La funcionaria destaca, además, que la dimensión ambiental ha estado presente en los trabajos estudiantiles, un tema de creciente relevancia en el contexto actual. “Han sido muy provechosas y de mucha calidad”, resume.

Este enfoque práctico y vinculado a necesidades reales del territorio avala la formación que reciben los estudiantes en la Universidad Máximo Gómez Báez, una institución que ha hecho de la vinculación con los sectores productivos y de servicios uno de sus sellos distintivos.

Lenguas extranjeras: adaptación y calidad en tiempos de cambio

El departamento de Lengua Extranjera enfrentó este curso atípico con ajustes importantes en su proceso evaluativo. Yudiel Oliva Rodríguez, jefe del departamento, explica que la culminación de estudios se dividió en dos vías: el trabajo de diploma y el examen estatal.

Sin embargo, este año hubo una modificación sustancial. “A consideración de la resolución del ministro, se tomó en consideración que del examen estatal, que tiene un ejercicio práctico y un ejercicio teórico, se eliminara el ejercicio teórico y solamente se tuviera en cuenta el ejercicio práctico”, detalla Oliva Rodríguez.

Este cambio no implicó una merma en las exigencias. Todo lo contrario: “Este ejercicio es un ejercicio donde los estudiantes que se presentan van a demostrar no solo habilidades comunicativas en lenguas extranjeras, sino que van a demostrar habilidades profesionales”, enfatiza.

La decisión refleja la capacidad de adaptación del sistema educativo cubano, que supo ajustar sus procedimientos para garantizar la calidad del egreso sin sobrecargar a los estudiantes en un contexto ya de por sí demandante.

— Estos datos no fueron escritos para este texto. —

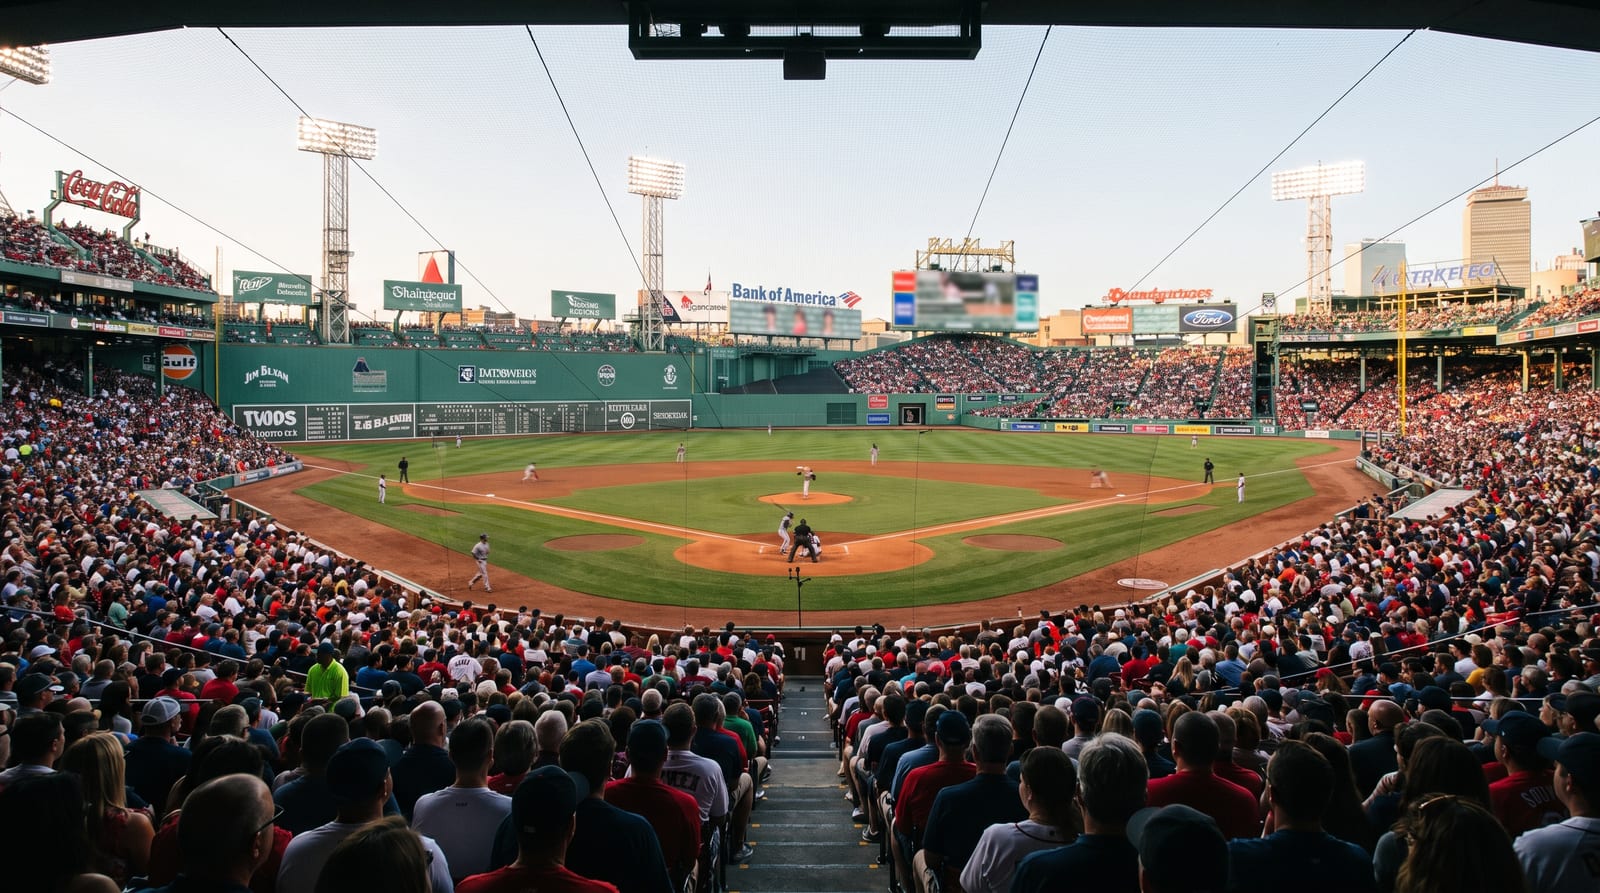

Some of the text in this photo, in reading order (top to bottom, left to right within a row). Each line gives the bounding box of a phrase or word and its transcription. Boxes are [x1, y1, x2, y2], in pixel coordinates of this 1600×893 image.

La mirada de los protagonistas: emociones encontradas

Entre los estudiantes reconocidos con Título de Oro, Dachel Baró Posada resume el sentir de toda una generación: “Un reto y un logro en lo personal, en lo individual y una contribución más a la sociedad que tanto lo necesita”.

Sus palabras, breves pero contundentes, hablan de la conciencia social que ha marcado su formación como educador artístico.

Por su parte, Lázaro Kevin Machado Jiménez, también egresado de Educación Artística, confiesa abrumado: “Eso no tiene palabras. Con los nervios que tengo en estos momentos creo que no te voy a poder decir mucho”. La honestidad de su reacción conmueve y refleja la magnitud del momento.

Humanidades: una mirada al crecimiento integral

Zoraida O'Farril Heredia, jefa del departamento de Humanidades, observa la escena con una mezcla de nostalgia y orgullo. Desde su posición, ha seguido de cerca la evolución de estos jóvenes.

“Para mí en primer lugar es una gran satisfacción”, confiesa. “Verlos crecer desde el primer año y verlos hoy hechos profesionales es una gran satisfacción. Es el esfuerzo y la dedicación no solo de ellos como estudiantes, sino de los profesores, del colectivo, de todos, de todo el fin”.

Sus palabras resuenan como un eco de lo expresado por las autoridades académicas: el logro es colectivo. Detrás de cada título hay familias que apoyaron, profesores que guiaron y una universidad que creyó en la excelencia como camino.

Palabras finales: un inicio, no un final

El acto de apertura del Ejercicio de Culminación de Estudios cerró con un mensaje que trasciende lo protocolar: “A quienes defienden hoy su Ejercicio de la Profesión, les deseamos muchos éxitos y que este momento no debe verse como un final, sino como el comienzo de nuevos desafíos y oportunidades”.

Los estudiantes de las carreras de Educación Artística y de Licenciatura en Lengua Extranjera, que protagonizan esta fase final, llevan consigo no solo conocimientos, sino la certeza de que “llegar hasta aquí ya es una victoria”.

El próximo curso escolar, estos jóvenes se incorporarán a sus nuevos puestos de trabajo, listos para aportar a una sociedad que, tal como ellos mismos reconocen, tanto lo necesita.

En tiempos complejos, la Universidad Máximo Gómez Báez demuestra que la excelencia académica y el compromiso social pueden, y deben, caminar juntos.